A system architecture and an application scenario described in the embodiments of this application are intended to more clearly illustrate the technical solutions of the embodiments of this application and do not constitute limitations on the technical solutions provided in the embodiments of this application. Those skilled in the art may understand that as the system architecture evolves and new application scenarios emerge, the technical solutions provided in the embodiments of this application are equally applicable to similar technical problems.

Those of ordinary skill in the art should understand that all or some of the steps in the method disclosed above, as well as functional modules/units in the system and the device, may be implemented as software, firmware, hardware, and a suitable combination thereof.

In hardware implementations, the division between the functional modules/units mentioned in the above description does not necessarily correspond to the division of physical components. For example, a single physical component may have a plurality of functions, or a single function or step may be performed collaboratively by several physical components. Some or all of the physical components may be implemented as software executed by a processor, such as a central processing unit, a digital signal processor, or a microprocessor, or may be implemented as hardware, or may be implemented as an integrated circuit, such as an application specific integrated circuit. The software may be distributed on a computer-readable medium, which may include a computer storage medium (or a non-transitory medium) and a communication medium (or a transitory medium).

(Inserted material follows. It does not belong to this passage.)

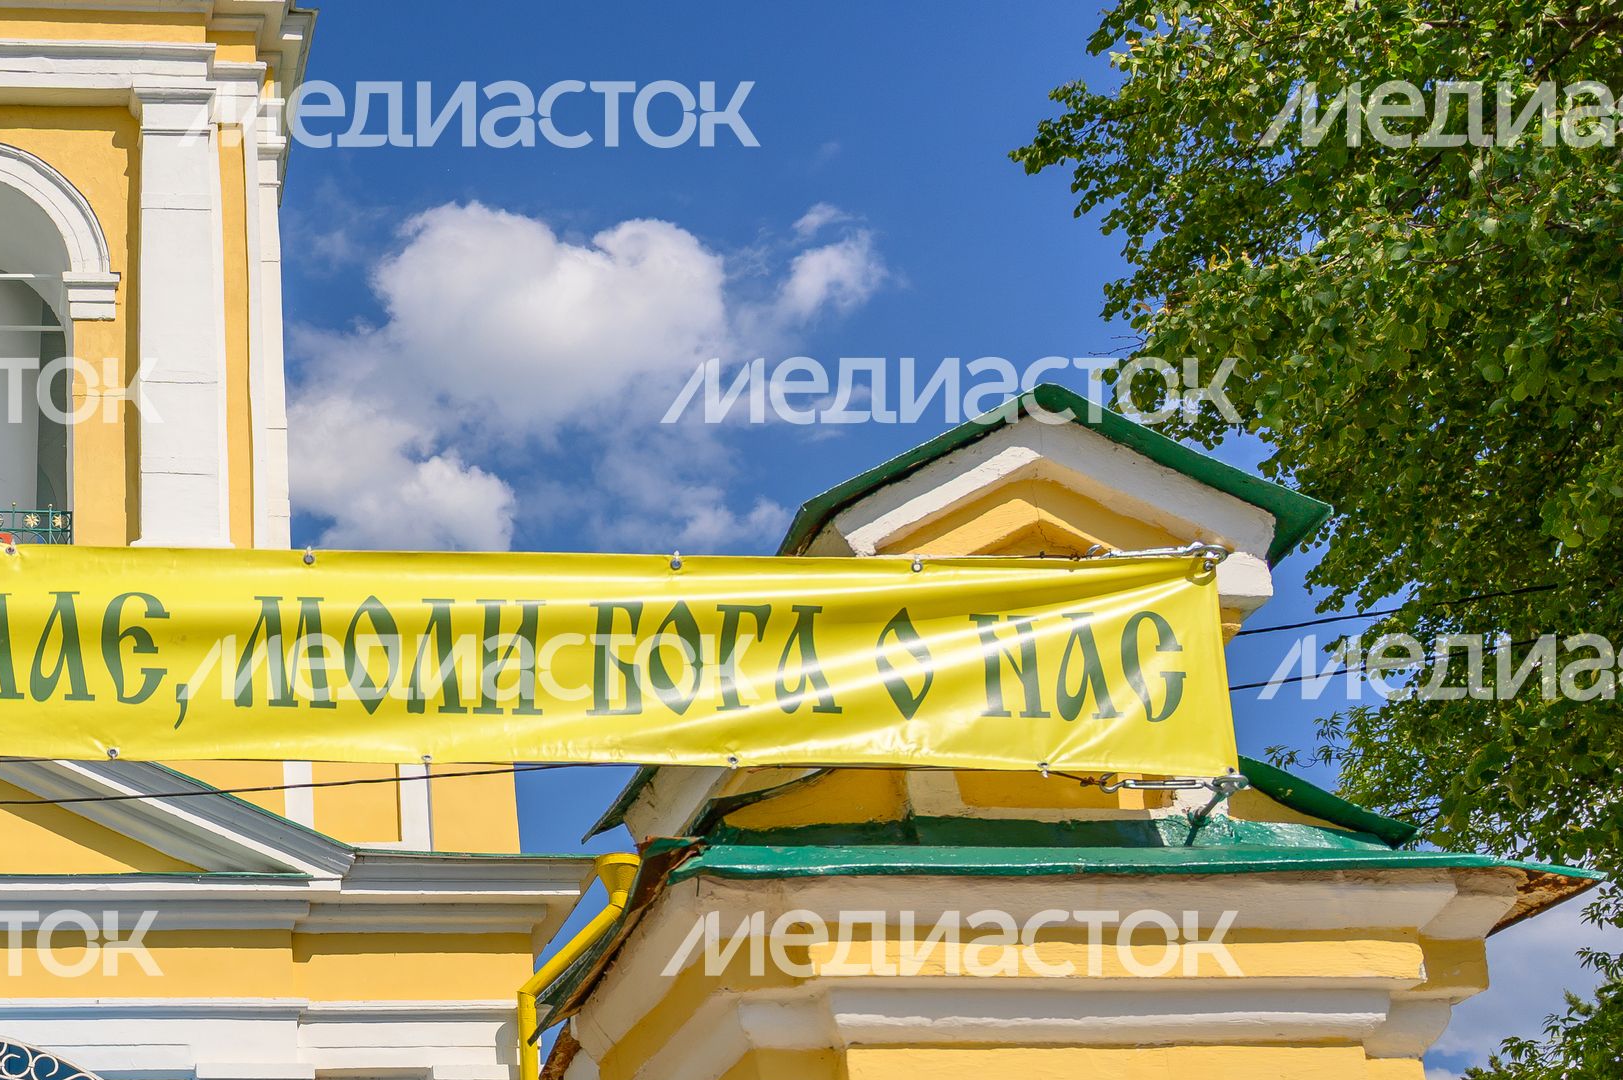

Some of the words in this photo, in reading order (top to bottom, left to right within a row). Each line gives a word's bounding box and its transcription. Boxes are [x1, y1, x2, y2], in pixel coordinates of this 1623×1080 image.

As is well known to those of ordinary skill in the art, the term “computer storage medium” includes volatile and non-volatile, removable and non-removable media implemented in any method or technology for storing information (e.g., a computer-readable instruction, a data structure, a program module, or other data). The computer storage medium includes, but is not limited to, a random access memory (RAM), a read only memory (ROM), an electrically erasable programmable read only memory (EEPROM), a flash memory, or other memory technologies, a CD-ROM, a digital versatile disk (DVD), or other optical disk storage, a magnetic cassette, a magnetic tape, a magnetic disk storage, or other magnetic storage apparatuses, or any other medium that can be configured to store desired information and that can be accessed by a computer. Further, as is commonly known to those of ordinary skill in the art, the communication medium typically includes a computer-readable instruction, a data structure, a program module, or other data in modulated data signals, such as carrier waves or other transmission mechanisms, and may include any information delivery medium.

The terms “component”, “module”, “system”, etc., as used in this specification, are used to denote computer-related entities, hardware, firmware, combinations of hardware and software, software, or software in execution. For example, a component may be, but is not limited to, a process running on a processor, a processor, an object, an executable file, an execution thread, a program, or a computer. Through illustration, both an application running on a computing device and the computing device may be considered as components. One or more components may reside within the process or the execution thread, and a component may be located on a single computer or distributed across two or more computers. Additionally, these components may execute from various computer-readable media that store diverse data structures. Components may communicate, for example, through a local or remote process according to signals having one or more data packets (e.g., data from one component interacting with another component in a local system, a distributed system, or across a network, such as the Internet, interacting with other systems via signals).